Sorbonne Üniversitesi'nde felsefe okuyup doktora yaparak ülkesine dönen ve Avrupa görmüş bazı “yetişkin ve seçkin kimselerin” aksine kendi ülkesini ve insanını hor görmeyen Nurettin Topçu, Yarınki Türkiye isimli eserinde şöyle diyordu: “Anadolu'nun kurtuluş savaşı ruh cephesinde henüz yapılmadı. Asya'nın ilk çağından artakalan sefaletine vâris çocukları, bu topraklarda kurdukları devletin ruhuna sahip olamadılar. Henüz yerlerde sürünen Türk-İslâm ruhunu tutup da kaldıracak olan irade hayatımızdan dâvâcı oluncaya kadar bu toprağın insanı eşyadan farksız bir varlıktır; değersizdir, itibarsızdır, hörmet görmez, onun Allah'tan bir emanet olduğu bilinmez.”

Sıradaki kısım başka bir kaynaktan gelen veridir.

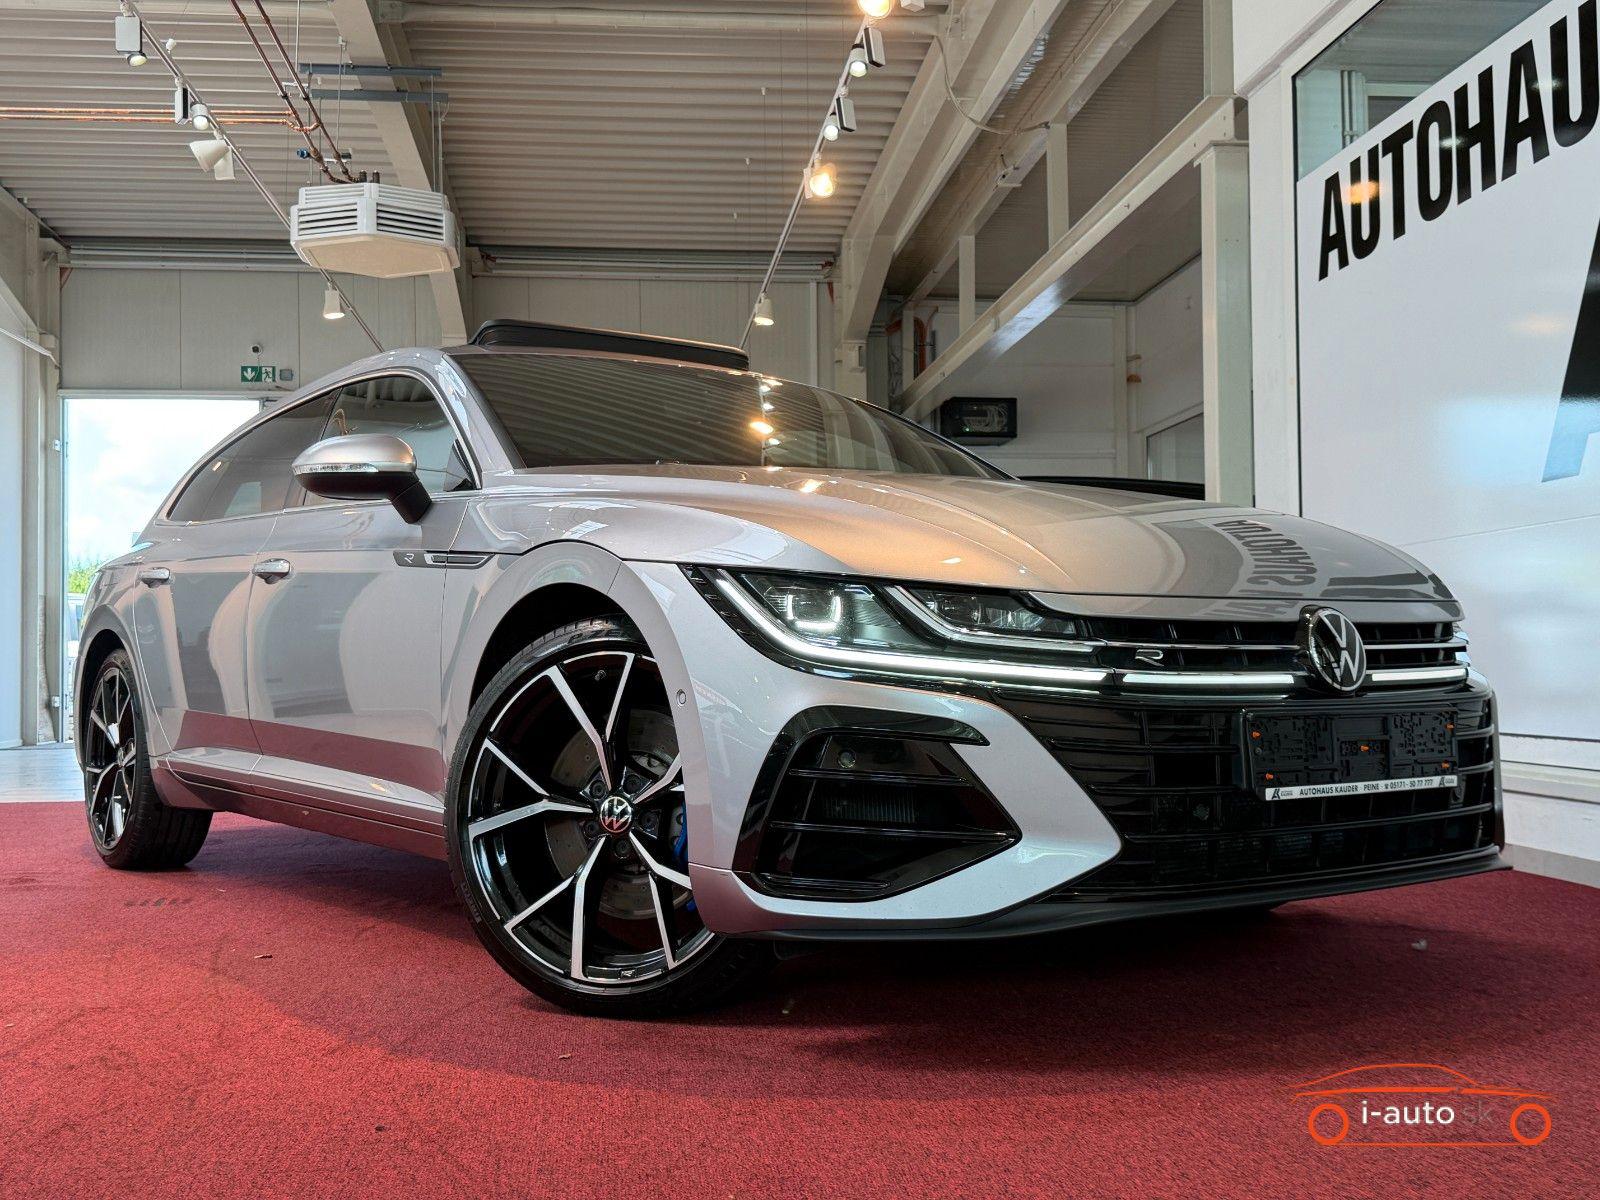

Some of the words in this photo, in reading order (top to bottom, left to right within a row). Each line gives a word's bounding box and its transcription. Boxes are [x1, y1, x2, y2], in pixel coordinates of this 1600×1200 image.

Topçu, her şeyden önce ahlâk adamıydı ve bütün felsefesini ahlâki kaideler üzerine kurarak yaşıyordu. Anadolu'nun dışında, uzak bir tarih kesitinde kalmış bir milliyetçiliği de reddeden Topçu'ya göre asıl dikkat edilmesi ve fethedilmesi gerek Anadolu topraklarıydı. Onun için Hareket ismini verdiği bir dergiyi yayımlamış ve Anadolu'nun ihyası ve inşası için entelletüel birikimini dergiye yansıtmıştı. Nurettin Topçu, hiç şüphesiz Avrupa'dan bir pozitivist olarak değil, idealist bir felsefeci olarak Türkiye'ye dönmüş ahlâk adamı, yarınki Türkiye'nin manevi liderlerinden biriydi.
Bir dönem Paris kaldırımlarını arşınlayan Necip Fazıl Kısakürek de Paris'in yani Avrupa'nın zehrini yutmuş, ancak bu hülyadan çok erken uyanarak ülkesine dönmüş entelektüellerimizdendi. Necip Fazıl korkunç zekasının ve coşkun mizacının etkisiyle yalan söyleyen tarihe isyan ediyor, çıkmaza giren kalabalıklara “bu yol çıkmaz sokak” diye haykırıyordu. “Kaldırımlar” şairini, şiirden fikre yani aksiyona sevk eden asıl itici unsur, Türkiye'nin yön değiştirmesi, ruh kökünden uzaklaşmasıydı.
ORTAK ÜLKÜNÜN MEŞALESİYLE
Nurettin Topçu ve Necip Fazıl'ın ortak özelliklerinden biri Türk ve İslâm ülküsüydü. Bu dava hiç şüphesiz onların müşterek davaları arasında yer alıyordu. Bu uğurda farklı isimlerde dergi çıkarmışlar ve yayın hayatları boyunca kalabalıklara meşale olmuşlardı.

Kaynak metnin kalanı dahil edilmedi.